Ja i te moje trzaski (tak ostatnio podsumował mnie kolega). Moja porypana osobowość. Normalna na pozór psychika, albo psychika normalna bez pozoru (definicja normalności jest mi obca). Zagubiona na jasno wytyczonej ścieżce. Zgubiona ze świadomością, że wszystko zależy ode mnie.

chyba za dużo czytam.


PS. jeśli wytrwałaś/eś do tego momentu - dziękuję. Jedną z tych rzeczy, które mnie przerażają jest obojętność. Cieszę się, że Wy, Biblionetkowicze, tacy nie jesteście.

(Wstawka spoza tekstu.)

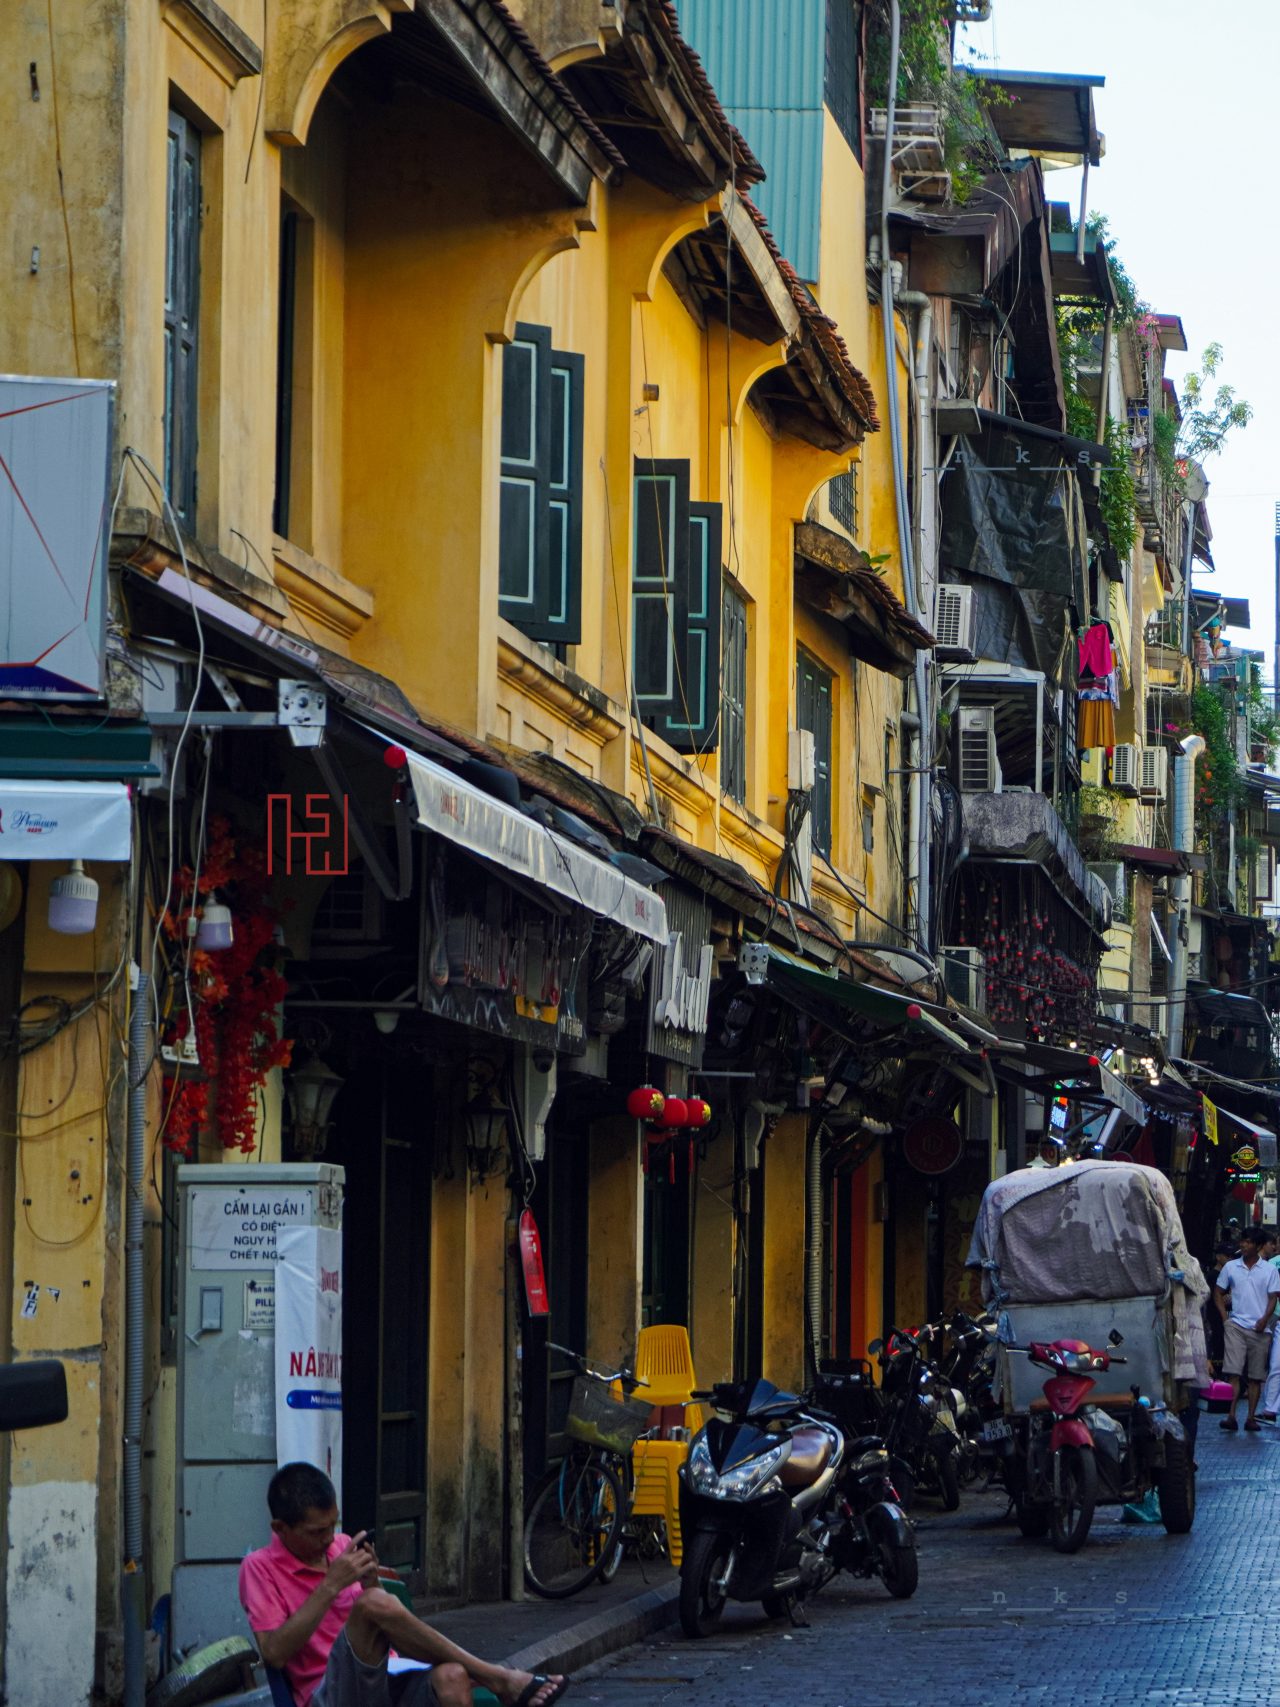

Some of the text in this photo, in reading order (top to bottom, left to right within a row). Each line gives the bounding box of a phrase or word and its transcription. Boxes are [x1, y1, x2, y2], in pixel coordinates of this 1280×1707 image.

(c)Wszystkie prawa zastrzeżone. Kopiowanie bez zgody autora zabronione.

Wyświetleń: 2720
Dodaj komentarz
Przeczytaj komentarze
ilość komentarzy: 10
Użytkownik: dot59Opiekun BiblioNETki 19.04.2007 17:48 napisał(a):
Odpowiedź na: Siedzę w pokoju i patrzę ... | adrianna
Podoba mi się ten kawałek.
Gdyby nie tacy "z trzaskami", "normalni na pozór albo bez pozoru" - ileż wspaniałej literatury by nie powstało! Proust, Woolf, Plath - pierwsze trzy nazwiska, które mi przyszły na myśl (nie bez kozery, bo aktualnie jestem na rozdrożu: czy zrobić przerwę między 5 a 6 tomem "W poszukiwaniu straconego czasu" i rzucić się na dzienniki Woolf, czy też wytrwać przy Prouście, a Woolf zostawić na majowy długi weekend - podczas którego i tak pracuję, ale "na pół gwizdka").
Nie czytasz za dużo. Nie można czytać za dużo. Można czytać, i czytać, i czytać, i wciąż cierpieć na niedosyt czytania, wciąż szukać tych książek, w których znajdziemy pokrzepienie, albo potwierdzenie naszych myśli, albo drzwi do kawałka świata, który z jakiejś przyczyny dotąd był dla nas niedostępny. Tylko obojętni i na wskroś normalni myślą, że za dużo czytamy.
Użytkownik: Ina2 19.04.2007 18:28 napisał(a):
Odpowiedź na: Podoba mi się ten kawałek... | dot59Opiekun BiblioNETki
A ja przeczytałam gdzieś, że świat składa się z nienormalnych i tych co jeszcze nie zostali przebadani...
Użytkownik: adrianna 19.04.2007 20:08 napisał(a):
Odpowiedź na: Podoba mi się ten kawałek... | dot59Opiekun BiblioNETki
Zapewne jest tak jak mówisz: "Nie można czytać za dużo".
Tylko czasem mam wątpliwości - czy czytając nie zagmatwam się w tym wszystkim za bardzo, czy uda mi się zachować zdrowe zmysły, umysł i duszę. Czy uda mi się znaleść jakiś sens, ład czy porządek.
Każda książka to kolejna część mozaiki. Mozaiki, która tworzy moje spojrzenie na świat. Mozaiki, która jak na razie jest chaotyczno artystycznym bezsensem lub nie mniej artystycznym jasnym dekalogiem.
Użytkownik: aborygen 03.06.2008 23:00 napisał(a):
Odpowiedź na: Zapewne jest tak jak mówi... | adrianna
Nieprawda. Każda kolejna książka zrzuca tylko trochę ciemnego śniegu z twoich oczu. Niczego nie tworzy. Rzuca światło, a to róznica.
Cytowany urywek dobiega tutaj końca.